§ What you have to do
Set down a faithful copy of every record, and skip the pictures in it.

§ Information supplied
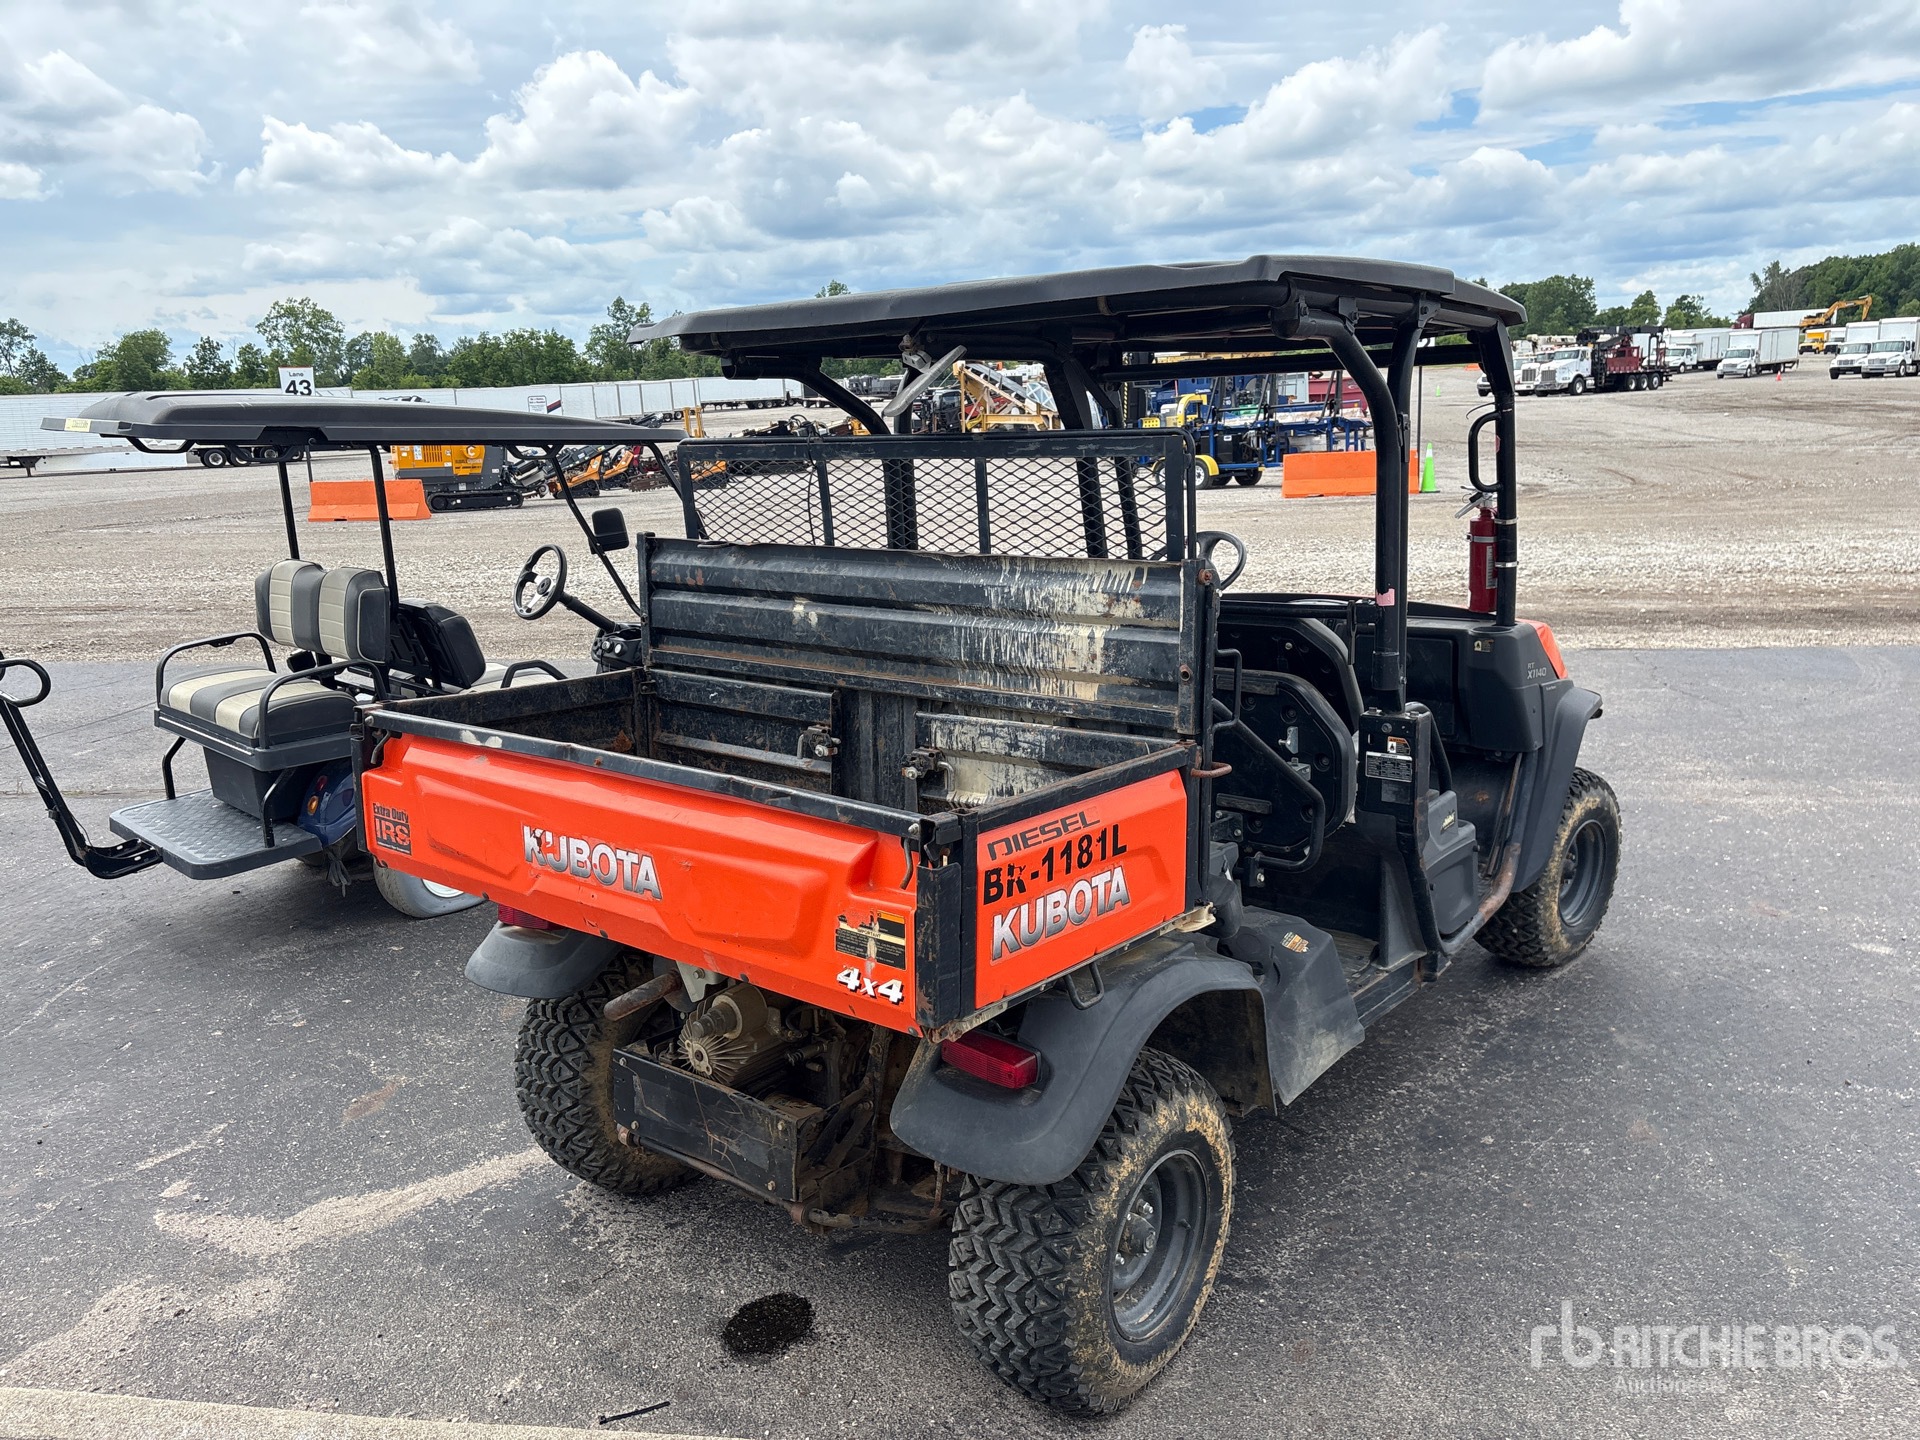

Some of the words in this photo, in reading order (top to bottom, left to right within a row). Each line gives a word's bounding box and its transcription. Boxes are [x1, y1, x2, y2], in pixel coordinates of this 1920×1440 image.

[285, 379, 312, 396] 43
[373, 802, 391, 818] Extra
[391, 808, 409, 823] Duty
[375, 818, 410, 846] IRS
[987, 811, 1100, 861] DIESEL
[523, 824, 663, 900] KUBOTA
[992, 865, 1131, 961] KUBOTA
[836, 967, 904, 1005] 4x4
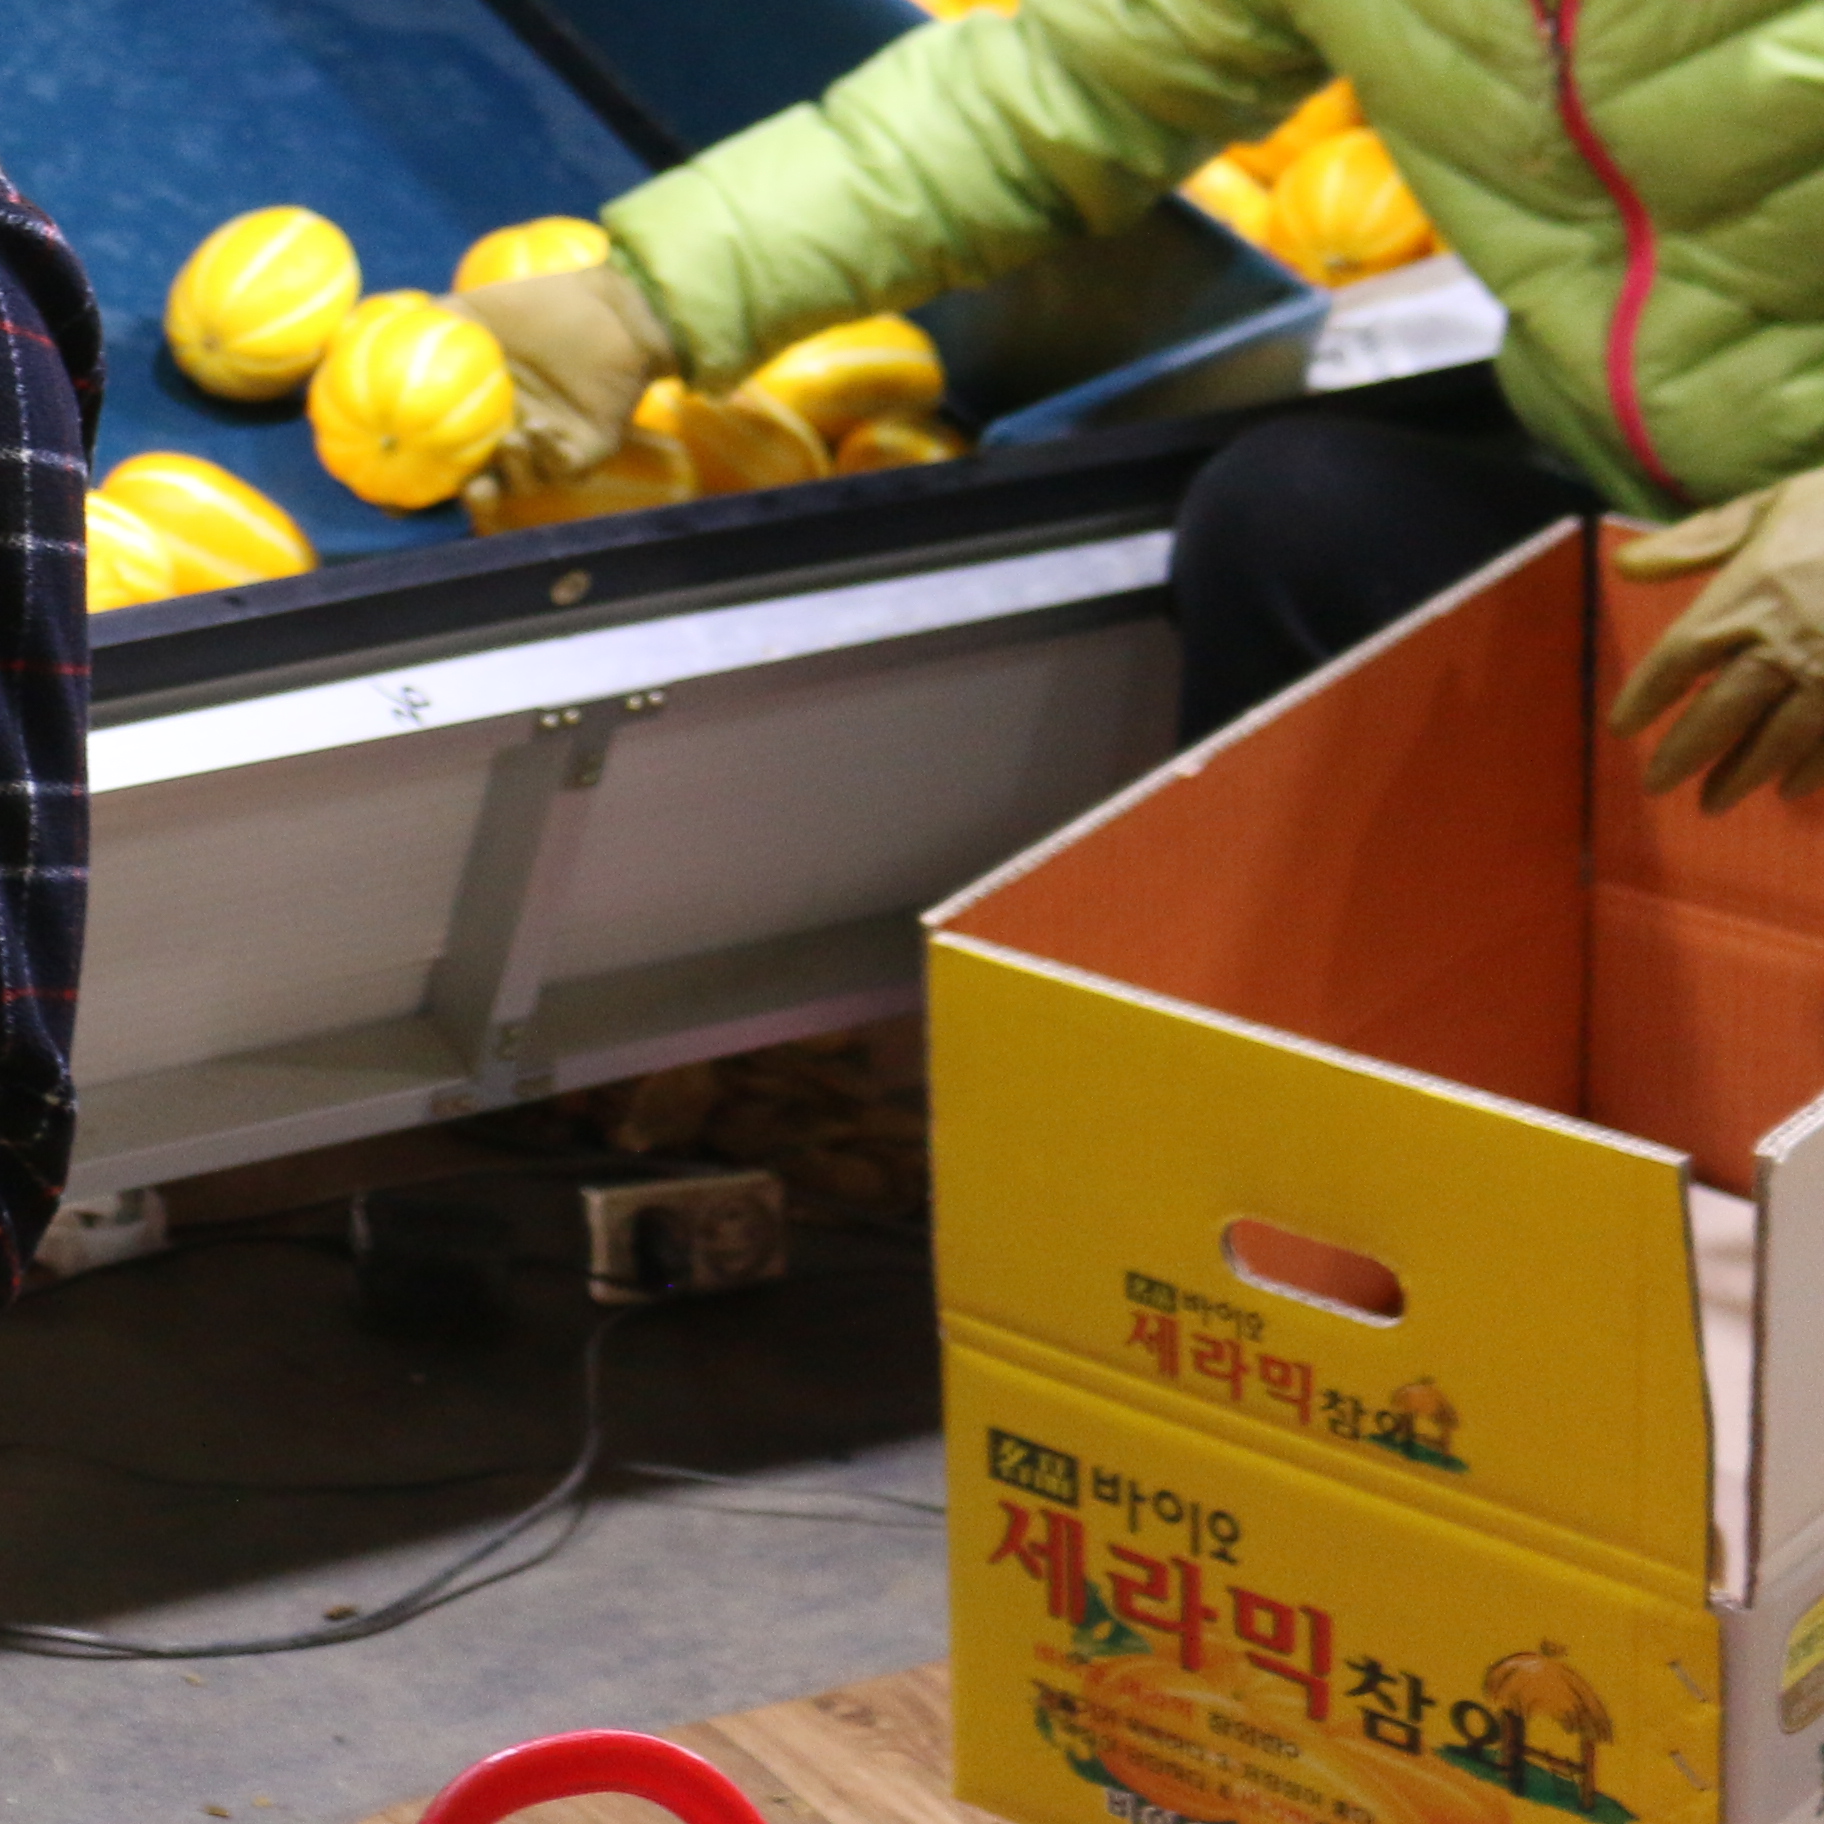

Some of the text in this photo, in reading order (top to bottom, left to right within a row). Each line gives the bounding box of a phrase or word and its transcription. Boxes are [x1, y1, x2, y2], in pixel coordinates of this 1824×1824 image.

§ Task response
Some of the words in this photo, in reading order (top to bottom, left to right within a row). Each line gives a word's bounding box and its transcription. Boxes are [x1, y1, x2, y2], in pixel coordinates of this 1920×1440 image.

[285, 379, 312, 396] 43
[373, 802, 391, 818] Extra
[391, 808, 409, 823] Duty
[375, 818, 410, 846] IRS
[987, 811, 1100, 861] DIESEL
[523, 824, 663, 900] KUBOTA
[992, 865, 1131, 961] KUBOTA
[836, 967, 904, 1005] 4x4

Some of the text in this photo, in reading order (top to bottom, left to right within a row). Each line gives the bounding box of a phrase or word and its transcription. Boxes are [x1, y1, x2, y2], in pixel coordinates of this 1824×1824 image.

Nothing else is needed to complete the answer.